なお、楽天モバイルは、メインは独自の楽天回線ですが、楽天回線が繋がらないエリアは、au回線で繋がります。

IIJmio の「eSIMプラン」は、docomo回線なので、このような組み合わせにしておけば、エリアにより、繋がりやすい回線を、適宜切り替えて使うことも出来ます。

海外用のSIMカードを買う必要がない

物理SIMカードしか使えないスマホの場合、海外で「現地の通信プランを利用したい」と思った時には、その国の空港や街中で売っているSIMカードを購入して、自分のスマホに挿す必要がありました。

ところが、eSIM 搭載のスマホなら、海外で使える通信プランを、WEBサイトやアプリ経由で購入し、あらかじめ eSIM に保存しておくことが可能です。

こうしておけば、海外では、eSIM に保存してある海外向けの通信プランをアクティブにするだけで、電話やデータ通信が出来るようになります。

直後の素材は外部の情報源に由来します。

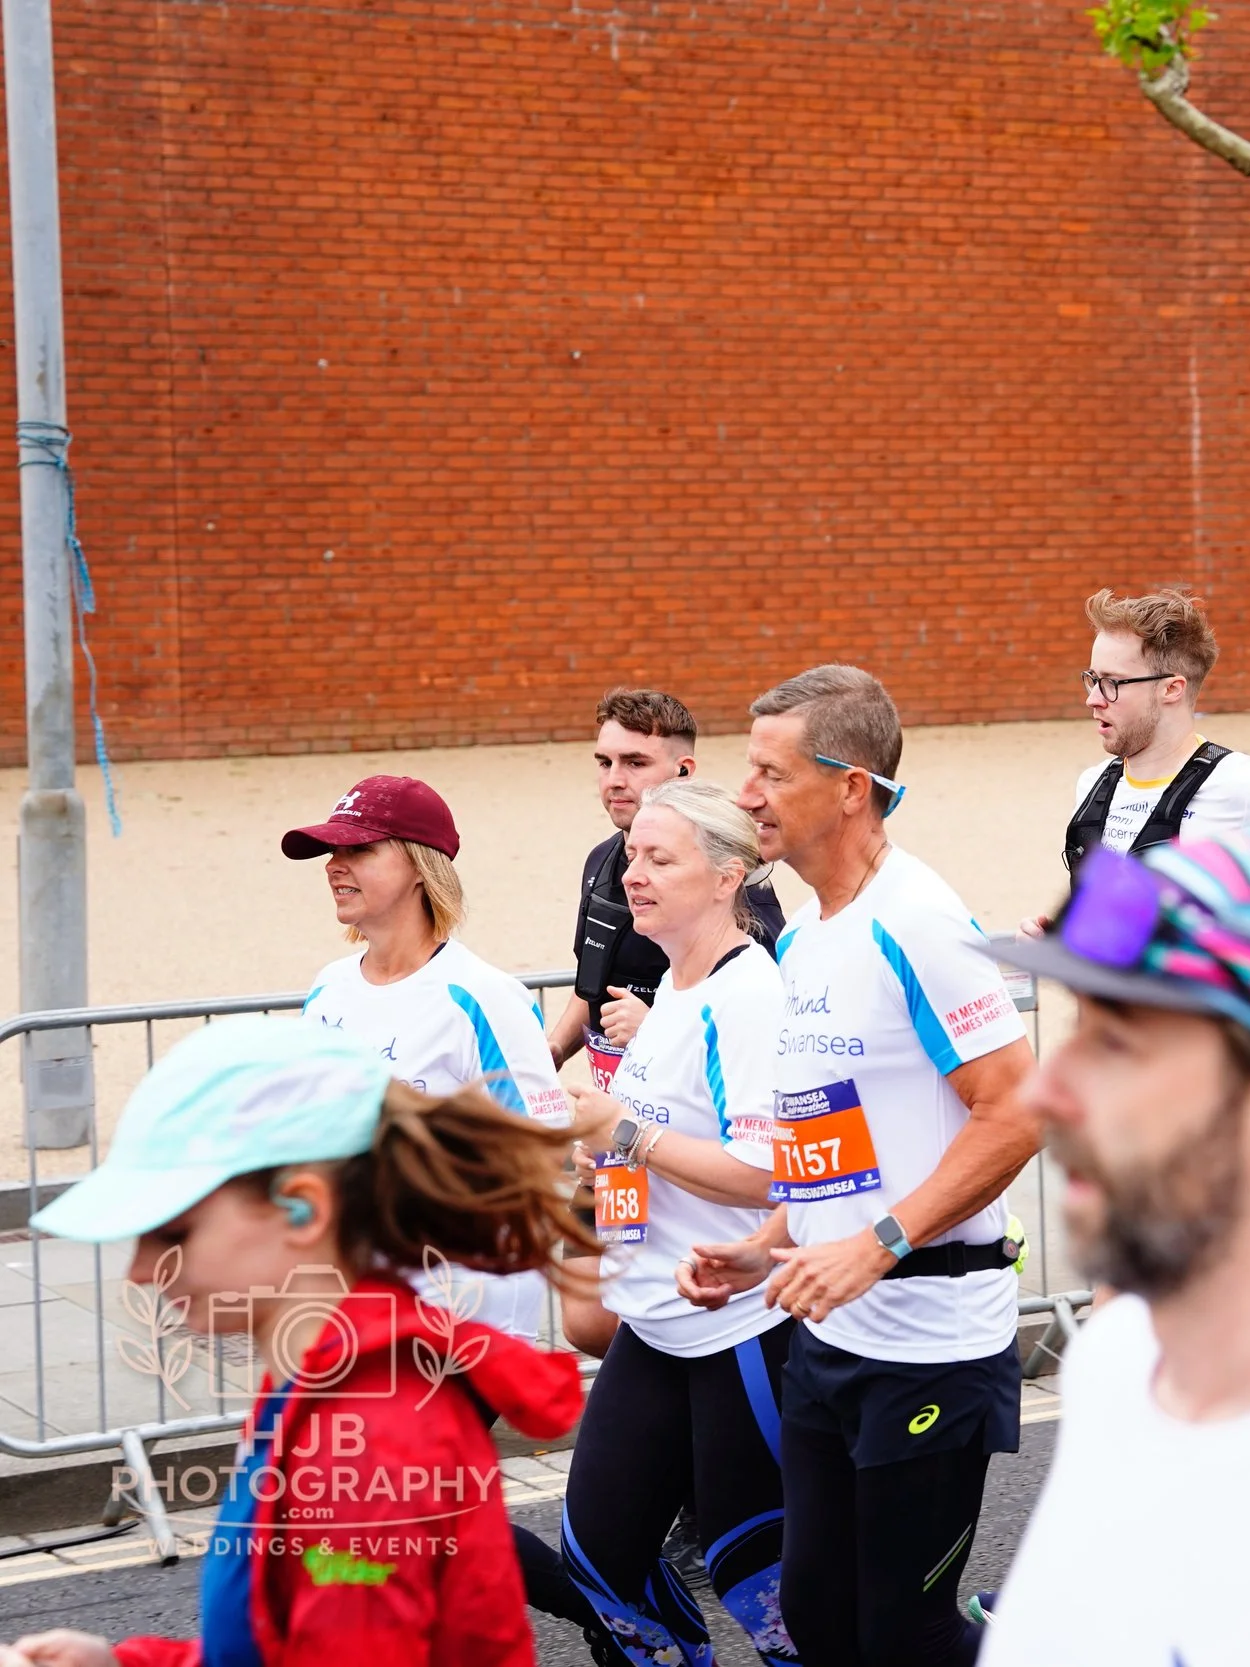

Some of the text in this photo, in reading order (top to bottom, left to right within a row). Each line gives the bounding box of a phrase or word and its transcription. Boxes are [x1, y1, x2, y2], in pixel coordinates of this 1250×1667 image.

[945, 1011, 959, 1027] IN
[952, 1015, 983, 1039] JAMES
[777, 1028, 864, 1056] Swansea
[781, 1137, 841, 1177] 7157
[601, 1187, 640, 1221] 7158

eSIM の場合、SIMカードの抜き差しで、カードを無くしてしまうリスクもないので、旅行や出張で海外によく行く人に注目されています。

eSIM のデメリット

今後、より簡単になっていくかもしれませんが、今のところ、eSIMは、スマホの扱いに慣れた方でないと、初期設定などが、少し難しくなっています。

eSIMの設定に別のスマホやパソコンなどが必要

今のところ、eSIM の初期設定は、設定情報(プロファイル)をスマホにダウンロードして設定することが多くなっています。

設定情報(プロファイル)をダウンロードするためのアドレス(URL)は、携帯会社から、QRコードで提示されます。

そして、この提示されたQRコードは、eSIM を設定したいスマホで読み取ることになります。

ここで、その状況を想像しつつ、よく考えてみると、eSIM を設定したいスマホとは別に、QRコードを表示するためのスマホやパソコンが必要になって来るということに気づくと思います。

QRコードでのeSIMを設定する場合

図で表すと、上記のようになるので、別のスマホやパソコンがない場合は、家族や友達の機器を借りたり、何らかの対策が必要になって来ます。

機種変更の時には、再発行が必要

単純に、携帯の機種変更だけしたい場合、物理的なSIMカードなら、カードを差し替えるだけで大丈夫でした。

ところが、eSIM の場合は、抜き差しするというわけにはいかないので、いったん、eSIM を再発行して、新しいスマホで設定し直すことになります。

機種変更で、eSIMを再発行する場合

差し替えるだけに比べると手間がかかりますが、eSIMの再発行手数料は、無料化の流れが進んでいます。

eSIM に対応した端末や料金プランが少ない

eSIMだと、料金プランの乗り換えが、オンラインで簡単に出来てしまうこともあってか、ドコモ、au、ソフトバンクなどの大手キャリアは、eSIM の導入に、まだ、そんなに積極的ではありません。

そのため、eSIM に対応した料金プランも、今のところ、まだ少なめです。

eSIM に対応した携帯各社の料金プランについては、別項目でまとめてありますので、詳しくチェックしたい方は、以下をご覧下さい。



日本で使える eSIM対応端末も、まだ、少なめですが、iPhone や、Google Pixel シリーズをはじめ、徐々にバリエーションが増えつつあります。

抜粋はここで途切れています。